--- WHAT IS NEEDED ---
Transcribe every record in full, keeping it exactly the same.
·····
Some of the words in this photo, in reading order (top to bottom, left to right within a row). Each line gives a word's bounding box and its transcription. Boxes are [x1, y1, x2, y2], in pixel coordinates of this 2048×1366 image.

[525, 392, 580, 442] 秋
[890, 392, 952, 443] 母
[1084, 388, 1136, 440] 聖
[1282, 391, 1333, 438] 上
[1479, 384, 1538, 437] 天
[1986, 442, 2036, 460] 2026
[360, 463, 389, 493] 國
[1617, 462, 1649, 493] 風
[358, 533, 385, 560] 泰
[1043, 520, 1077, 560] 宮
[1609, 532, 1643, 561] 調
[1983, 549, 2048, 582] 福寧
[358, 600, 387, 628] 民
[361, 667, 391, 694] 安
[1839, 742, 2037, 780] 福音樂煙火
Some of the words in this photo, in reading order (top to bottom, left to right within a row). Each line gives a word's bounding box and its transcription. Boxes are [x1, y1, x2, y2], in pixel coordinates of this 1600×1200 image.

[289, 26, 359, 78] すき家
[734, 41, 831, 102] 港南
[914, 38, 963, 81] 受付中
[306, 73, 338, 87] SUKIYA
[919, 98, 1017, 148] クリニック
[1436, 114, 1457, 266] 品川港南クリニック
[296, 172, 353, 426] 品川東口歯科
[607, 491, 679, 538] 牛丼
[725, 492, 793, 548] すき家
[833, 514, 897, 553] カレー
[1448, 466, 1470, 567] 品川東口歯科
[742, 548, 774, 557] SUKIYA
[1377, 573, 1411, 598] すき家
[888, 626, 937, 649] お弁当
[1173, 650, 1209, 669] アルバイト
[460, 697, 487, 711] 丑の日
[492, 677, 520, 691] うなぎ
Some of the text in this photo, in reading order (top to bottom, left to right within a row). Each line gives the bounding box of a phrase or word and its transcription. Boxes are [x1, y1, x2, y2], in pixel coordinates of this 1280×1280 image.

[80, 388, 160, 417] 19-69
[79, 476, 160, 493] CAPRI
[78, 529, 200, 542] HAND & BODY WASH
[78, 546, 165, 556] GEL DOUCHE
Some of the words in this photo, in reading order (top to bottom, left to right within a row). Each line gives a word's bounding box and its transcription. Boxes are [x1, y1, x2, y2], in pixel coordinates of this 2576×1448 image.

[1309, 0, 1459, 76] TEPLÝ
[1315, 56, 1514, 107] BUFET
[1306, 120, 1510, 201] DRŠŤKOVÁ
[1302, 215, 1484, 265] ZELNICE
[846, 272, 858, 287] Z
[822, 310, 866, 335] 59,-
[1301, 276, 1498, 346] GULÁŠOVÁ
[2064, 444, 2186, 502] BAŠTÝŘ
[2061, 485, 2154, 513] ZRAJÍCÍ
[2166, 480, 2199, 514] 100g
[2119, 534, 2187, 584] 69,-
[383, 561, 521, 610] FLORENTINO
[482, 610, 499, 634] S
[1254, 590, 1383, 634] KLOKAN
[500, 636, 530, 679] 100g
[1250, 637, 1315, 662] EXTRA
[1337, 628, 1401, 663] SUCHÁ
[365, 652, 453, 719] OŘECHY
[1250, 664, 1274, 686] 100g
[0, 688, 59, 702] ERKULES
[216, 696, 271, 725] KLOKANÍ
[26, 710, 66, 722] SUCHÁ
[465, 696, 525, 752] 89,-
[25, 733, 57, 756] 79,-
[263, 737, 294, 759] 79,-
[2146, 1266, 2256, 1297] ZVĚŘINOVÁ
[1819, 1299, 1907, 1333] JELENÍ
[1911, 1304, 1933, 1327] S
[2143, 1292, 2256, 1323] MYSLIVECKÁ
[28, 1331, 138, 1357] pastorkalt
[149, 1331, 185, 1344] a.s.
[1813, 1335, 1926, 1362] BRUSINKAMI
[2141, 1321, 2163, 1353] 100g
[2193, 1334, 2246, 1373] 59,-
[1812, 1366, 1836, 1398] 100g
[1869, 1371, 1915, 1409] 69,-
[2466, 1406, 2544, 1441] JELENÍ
·····
--- SOLUTION BELOW ---
Some of the words in this photo, in reading order (top to bottom, left to right within a row). Each line gives a word's bounding box and its transcription. Boxes are [x1, y1, x2, y2], in pixel coordinates of this 2048×1366 image.

[525, 392, 580, 442] 秋
[890, 392, 952, 443] 母
[1084, 388, 1136, 440] 聖
[1282, 391, 1333, 438] 上
[1479, 384, 1538, 437] 天
[1986, 442, 2036, 460] 2026
[360, 463, 389, 493] 國
[1617, 462, 1649, 493] 風
[358, 533, 385, 560] 泰
[1043, 520, 1077, 560] 宮
[1609, 532, 1643, 561] 調
[1983, 549, 2048, 582] 福寧
[358, 600, 387, 628] 民
[361, 667, 391, 694] 安
[1839, 742, 2037, 780] 福音樂煙火
Some of the words in this photo, in reading order (top to bottom, left to right within a row). Each line gives a word's bounding box and its transcription. Boxes are [x1, y1, x2, y2], in pixel coordinates of this 1600×1200 image.

[289, 26, 359, 78] すき家
[734, 41, 831, 102] 港南
[914, 38, 963, 81] 受付中
[306, 73, 338, 87] SUKIYA
[919, 98, 1017, 148] クリニック
[1436, 114, 1457, 266] 品川港南クリニック
[296, 172, 353, 426] 品川東口歯科
[607, 491, 679, 538] 牛丼
[725, 492, 793, 548] すき家
[833, 514, 897, 553] カレー
[1448, 466, 1470, 567] 品川東口歯科
[742, 548, 774, 557] SUKIYA
[1377, 573, 1411, 598] すき家
[888, 626, 937, 649] お弁当
[1173, 650, 1209, 669] アルバイト
[460, 697, 487, 711] 丑の日
[492, 677, 520, 691] うなぎ
Some of the text in this photo, in reading order (top to bottom, left to right within a row). Each line gives the bounding box of a phrase or word and its transcription. Boxes are [x1, y1, x2, y2], in pixel coordinates of this 1280×1280 image.

[80, 388, 160, 417] 19-69
[79, 476, 160, 493] CAPRI
[78, 529, 200, 542] HAND & BODY WASH
[78, 546, 165, 556] GEL DOUCHE
Some of the words in this photo, in reading order (top to bottom, left to right within a row). Each line gives a word's bounding box and its transcription. Boxes are [x1, y1, x2, y2], in pixel coordinates of this 2576×1448 image.

[1309, 0, 1459, 76] TEPLÝ
[1315, 56, 1514, 107] BUFET
[1306, 120, 1510, 201] DRŠŤKOVÁ
[1302, 215, 1484, 265] ZELNICE
[846, 272, 858, 287] Z
[822, 310, 866, 335] 59,-
[1301, 276, 1498, 346] GULÁŠOVÁ
[2064, 444, 2186, 502] BAŠTÝŘ
[2061, 485, 2154, 513] ZRAJÍCÍ
[2166, 480, 2199, 514] 100g
[2119, 534, 2187, 584] 69,-
[383, 561, 521, 610] FLORENTINO
[482, 610, 499, 634] S
[1254, 590, 1383, 634] KLOKAN
[500, 636, 530, 679] 100g
[1250, 637, 1315, 662] EXTRA
[1337, 628, 1401, 663] SUCHÁ
[365, 652, 453, 719] OŘECHY
[1250, 664, 1274, 686] 100g
[0, 688, 59, 702] ERKULES
[216, 696, 271, 725] KLOKANÍ
[26, 710, 66, 722] SUCHÁ
[465, 696, 525, 752] 89,-
[25, 733, 57, 756] 79,-
[263, 737, 294, 759] 79,-
[2146, 1266, 2256, 1297] ZVĚŘINOVÁ
[1819, 1299, 1907, 1333] JELENÍ
[1911, 1304, 1933, 1327] S
[2143, 1292, 2256, 1323] MYSLIVECKÁ
[28, 1331, 138, 1357] pastorkalt
[149, 1331, 185, 1344] a.s.
[1813, 1335, 1926, 1362] BRUSINKAMI
[2141, 1321, 2163, 1353] 100g
[2193, 1334, 2246, 1373] 59,-
[1812, 1366, 1836, 1398] 100g
[1869, 1371, 1915, 1409] 69,-
[2466, 1406, 2544, 1441] JELENÍ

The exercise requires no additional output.